Spatial localization data:
__________________________________________________

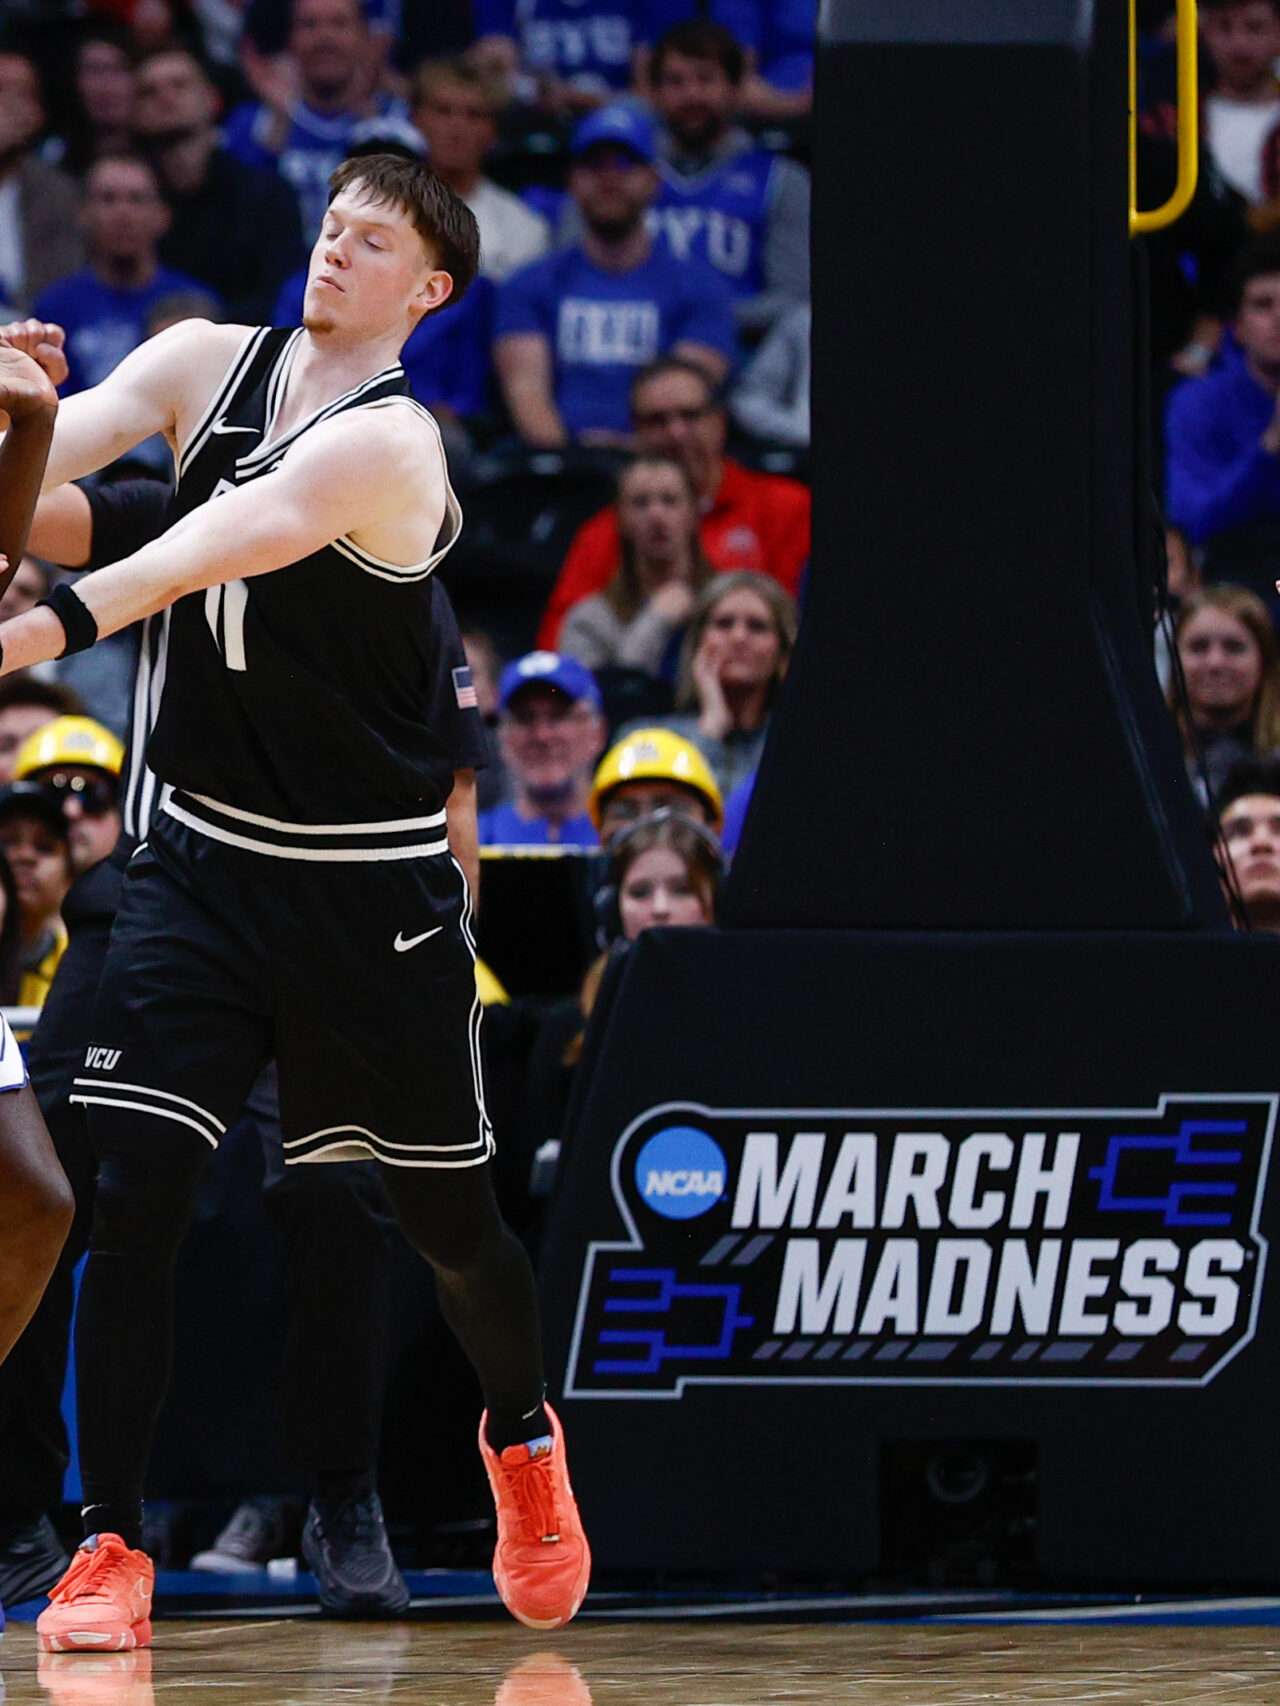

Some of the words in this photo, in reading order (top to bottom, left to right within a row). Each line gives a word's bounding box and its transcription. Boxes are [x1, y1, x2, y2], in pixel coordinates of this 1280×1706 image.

[644, 207, 751, 277] YU
[84, 1046, 123, 1070] VCU
[645, 1168, 724, 1197] NCAA
[730, 1132, 1081, 1230] MARCH
[772, 1238, 1246, 1336] MADNESS

__________________________________________________

### [Work task]
Give the records back exactly. Leave the pictures out.

### [Your solution]
Some of the words in this photo, in reading order (top to bottom, left to right within a row). Each line gives a word's bounding box and its transcription. Boxes are [x1, y1, x2, y2], in pixel coordinates of this 1280×1706 image.

[644, 207, 751, 277] YU
[84, 1046, 123, 1070] VCU
[645, 1168, 724, 1197] NCAA
[730, 1132, 1081, 1230] MARCH
[772, 1238, 1246, 1336] MADNESS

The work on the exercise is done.